*

  • tahar ben jellounun türkçeye beckett ve genet tancada bir çay adıyla çevrilmiş eseri. sel yayınlarından çıkmış bulunmakta.

    --- tanıtım bülteninden ---

    fas'ın tanca şehrinde, âşıkların, turistlerin ve entelektüellerin müdavimi olduğu denize nazır ünlü hafa kahvesi. taraçalardaki masalarda naneli çaylarını yudumlayan gençlerin arasında tanıdık bir sima, jean genet, tüm ekşiliği ve enerjisiyle siyah tarafta hayata diklenmekte.
    heykeltıraş giacometti'nin elinden çıkmışçasına zarif, samuel beckett, bu hayali karşılaşmanın beyaz tarafında. godot'yu beklercesine hayali bir metin... uzun yıllar genet'yle dostluğunu sürdürmüş, goncourt ödüllü yazar tahar ben jelloun'un kaleminden...

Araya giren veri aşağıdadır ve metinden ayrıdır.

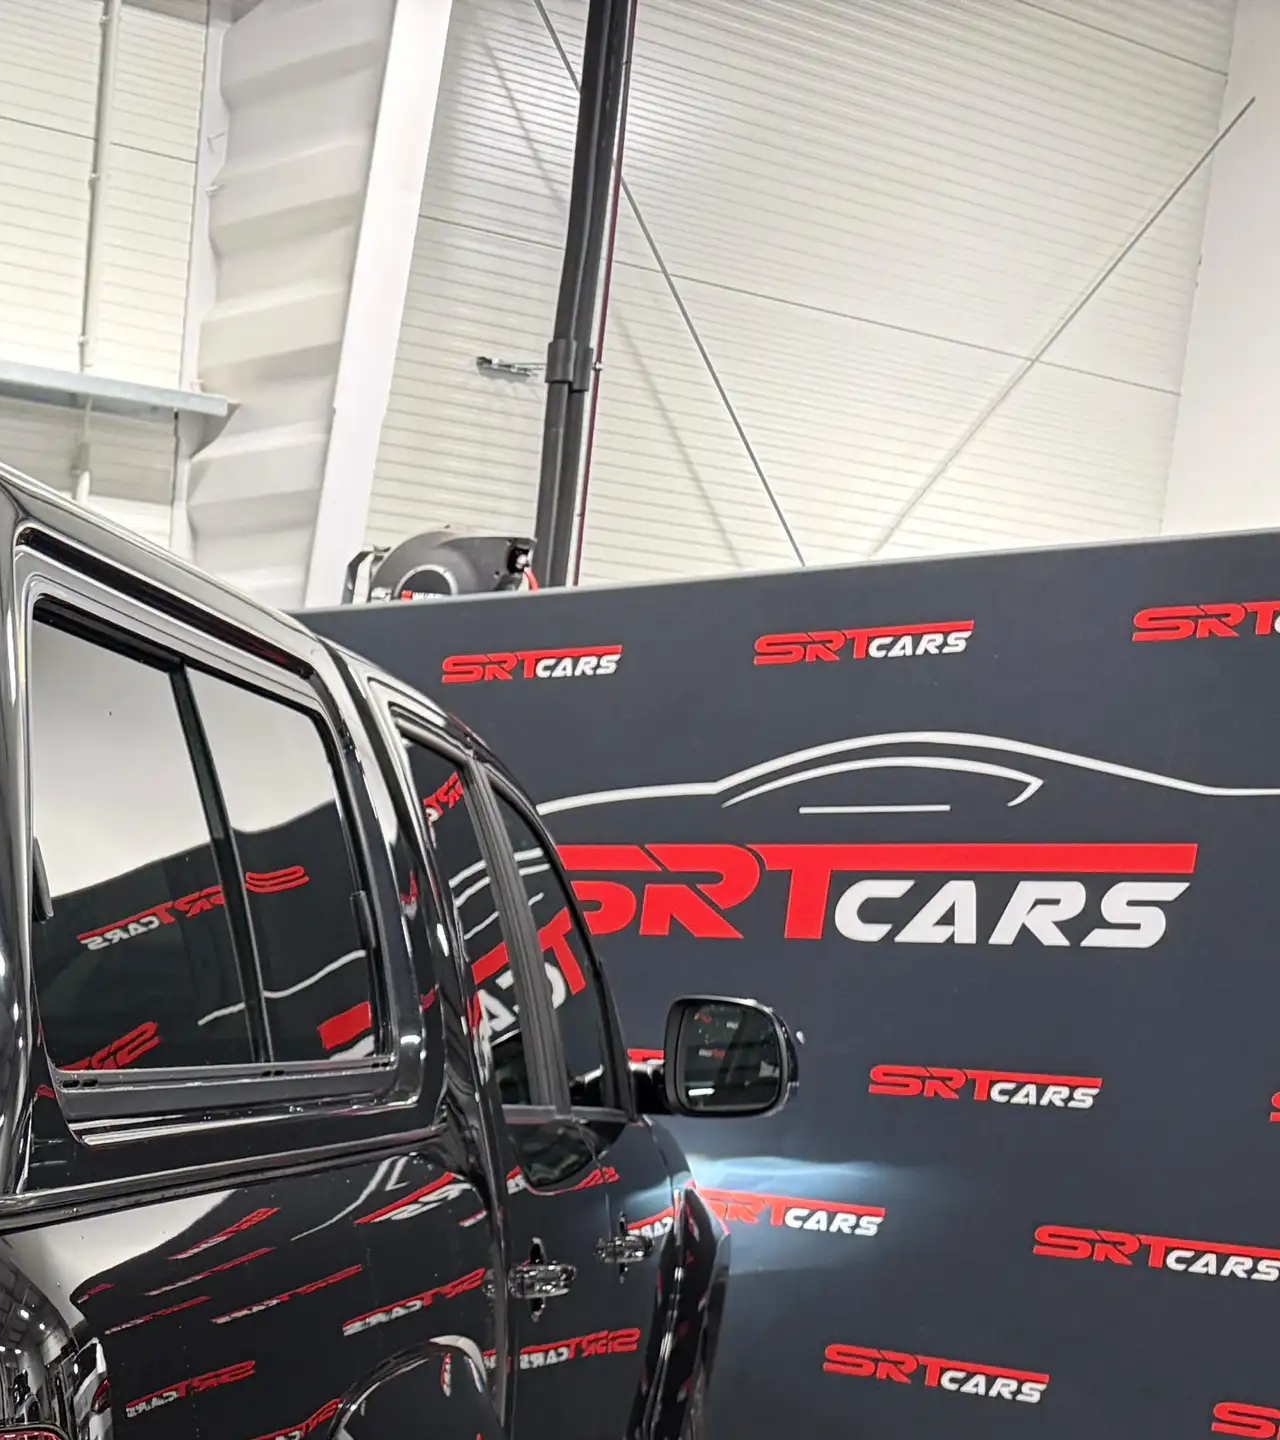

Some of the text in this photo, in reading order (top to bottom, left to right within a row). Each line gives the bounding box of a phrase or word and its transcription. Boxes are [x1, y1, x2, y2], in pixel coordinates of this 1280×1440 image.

[869, 631, 973, 659] CARS
[536, 653, 622, 679] CARS
[834, 879, 1191, 949] CARS
[990, 1083, 1101, 1109] CARS
[785, 1207, 885, 1237] CARS
[941, 1371, 1048, 1404] CARS
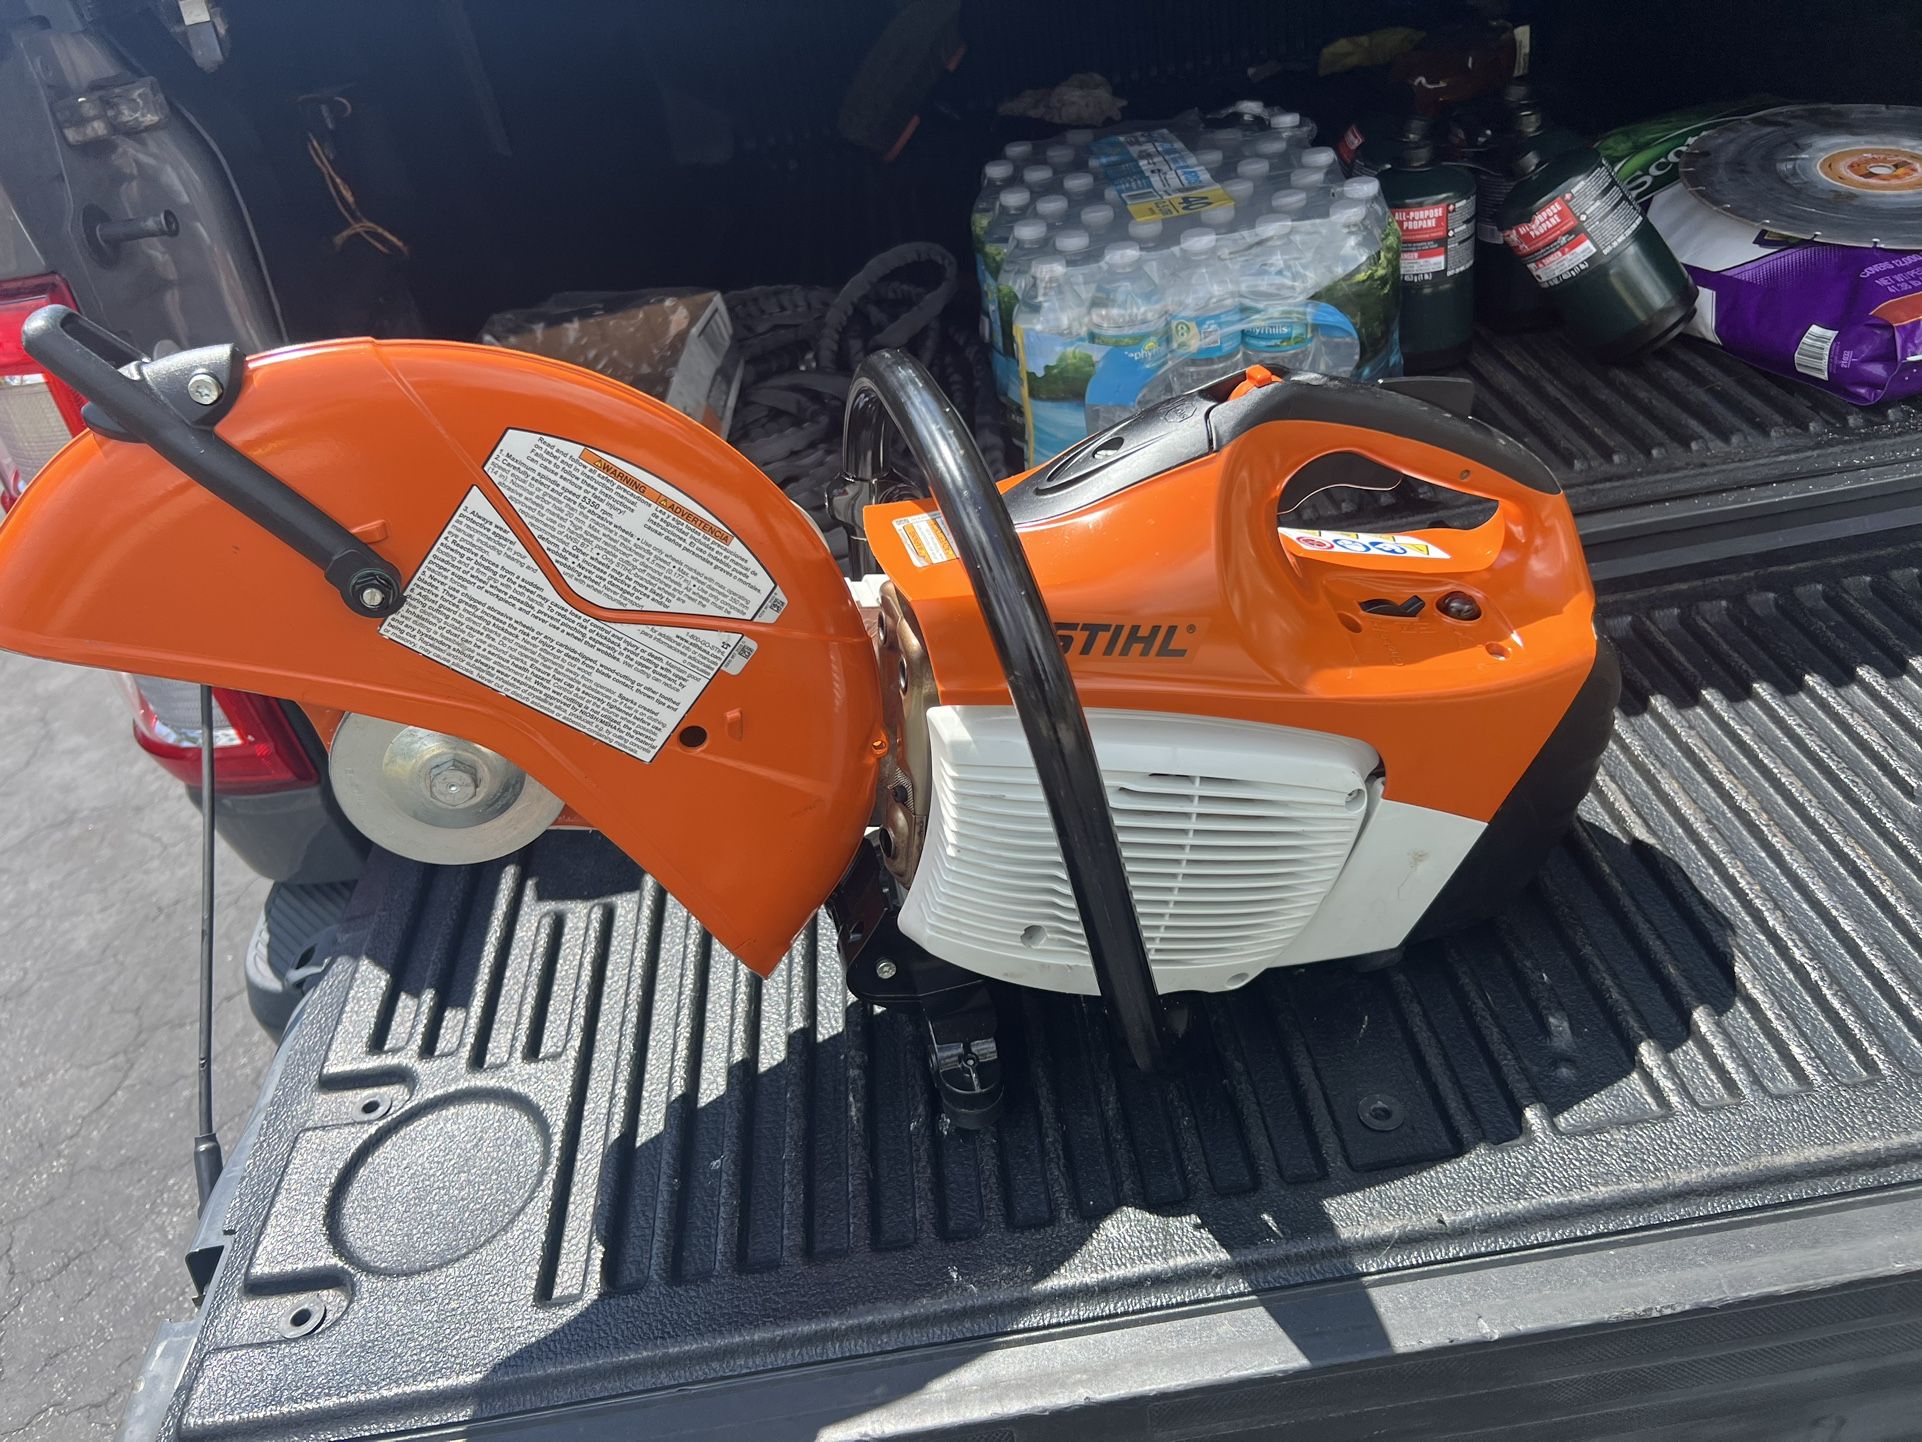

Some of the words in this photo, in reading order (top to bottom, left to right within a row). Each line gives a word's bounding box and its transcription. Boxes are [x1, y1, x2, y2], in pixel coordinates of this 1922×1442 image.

[1621, 135, 1702, 199] Sco
[1394, 207, 1443, 221] ALL-PURPOSE
[1403, 218, 1437, 230] PROPANE
[1530, 215, 1562, 239] PROPANE
[1860, 261, 1894, 277] COVERS
[1875, 276, 1895, 287] NET
[505, 452, 537, 474] Maximum
[536, 471, 561, 488] spindle
[560, 485, 582, 500] speed
[580, 495, 601, 511] 5350
[525, 454, 540, 465] can
[539, 462, 559, 477] cause
[558, 474, 583, 491] serious
[582, 488, 591, 496] or
[590, 492, 606, 505] fatal
[604, 500, 626, 517] injury!
[530, 448, 554, 465] Failure
[552, 461, 561, 470] to
[560, 466, 581, 482] follow
[580, 477, 599, 492] these
[598, 488, 636, 514] instructions
[533, 442, 544, 452] on
[543, 447, 561, 461] label
[559, 458, 574, 469] and
[572, 465, 581, 473] in
[579, 469, 615, 494] instruction
[537, 436, 556, 450] Read
[555, 447, 569, 458] and
[568, 454, 589, 470] follow
[588, 467, 598, 475] all
[596, 472, 617, 488] safety
[615, 483, 653, 509] precautions
[601, 463, 648, 495] WARNING
[454, 518, 464, 526] as
[463, 523, 507, 550] recommended
[506, 545, 514, 553] in
[512, 550, 527, 561] your
[457, 513, 492, 534] protective
[491, 530, 517, 547] apparel
[469, 509, 494, 526] Always
[493, 523, 510, 535] wear
[650, 511, 660, 520] de
[659, 516, 690, 537] seguridad
[688, 533, 716, 553] incluidas
[714, 549, 724, 557] en
[729, 557, 752, 573] manual
[749, 568, 759, 578] de
[654, 505, 667, 516] Lea
[671, 516, 685, 527] siga
[684, 523, 702, 537] todas
[701, 533, 712, 542] las
[710, 539, 749, 564] precauciones
[667, 502, 731, 543] ADVERTENCIA
[450, 539, 479, 558] Reactive
[478, 554, 500, 569] forces
[499, 565, 516, 578] from
[520, 577, 545, 593] sudden
[643, 522, 665, 538] causar
[663, 533, 683, 548] daños
[681, 545, 714, 567] personales
[713, 563, 734, 578] graves
[688, 540, 697, 549] El
[695, 545, 708, 556] uso
[706, 551, 733, 570] indebido
[730, 566, 750, 581] puede
[571, 544, 590, 558] Other
[589, 555, 611, 571] wheels
[610, 567, 625, 579] may
[624, 574, 634, 583] be
[632, 579, 649, 592] more
[648, 587, 665, 601] likely
[664, 596, 672, 605] to
[576, 562, 595, 576] Never
[594, 573, 607, 583] use
[606, 579, 635, 599] damaged
[633, 595, 642, 603] or
[581, 557, 608, 576] increase
[607, 572, 632, 589] reactive
[631, 585, 651, 600] forces
[650, 596, 670, 610] and/or

    "genet: haydi, haydi, kaçıyorsunuz, samuel, hiç fikriniz olmadığını söyleyecek değilsiniz ya bana? ingilizce öğrenmemekle övünsem de, herkes gibi ben de biliyorum ki godot'da god var, tanri!

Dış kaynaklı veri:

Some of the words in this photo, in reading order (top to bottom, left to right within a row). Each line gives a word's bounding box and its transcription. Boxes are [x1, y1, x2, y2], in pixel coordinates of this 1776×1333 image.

    beckett: benim piyesimde eğer godot tanrı olsaydı ona tanrı derdim, bay genet. başka şeyden söz edelim, bu allahın belası piyesten gına geldi. eğer devam ederseniz, sizi cezalandıracağım: sizin yazdığınız en tumturaklı bölümlerden küçük bir demet okuyacağım size. claudel'den beter."

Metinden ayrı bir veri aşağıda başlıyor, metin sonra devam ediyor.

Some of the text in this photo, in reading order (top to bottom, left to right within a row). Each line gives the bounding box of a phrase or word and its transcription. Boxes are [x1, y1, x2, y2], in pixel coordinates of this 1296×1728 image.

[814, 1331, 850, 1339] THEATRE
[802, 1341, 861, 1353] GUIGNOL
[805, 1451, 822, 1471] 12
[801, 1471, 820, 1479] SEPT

    --- tanıtım bülteninden ---
  • beckett ve genet'nin kitabın tam orta yerine işediğine şahidim.

    'beckett: haksızsınız! çiş! işte, üç harfi çiş, oldu. sizi burda bırakıyorum, işeyeceğim. şu lanet olası yaşlı sidiktorbamı boşaltacağım.

    genet: ben zaten yaptım!

    genet kahkahasını kaşkoluyla bastırır, sonra ıslanmış pantolonuna bakar.'

    sadece bu bile önce tahar ben jelloun'u sonra da bu kitabın türkçe basımını üstlenen sel yayıncılığı ve türkçe söyleyen ışık ergüden'i sevmek için yeter. yine de ekleyelim;

    kitap tiyatro metni formunda, 5 sahneden oluşuyor. genet ve beckett'ı saymazsak 11 kişi var. kitabın ilk sayfasında rol dağılımı yapılmış ve diğer kişilerin aynı oyuncular tarafından oynanacağı belirtilmiş. 1 kadın ve 3 erkek.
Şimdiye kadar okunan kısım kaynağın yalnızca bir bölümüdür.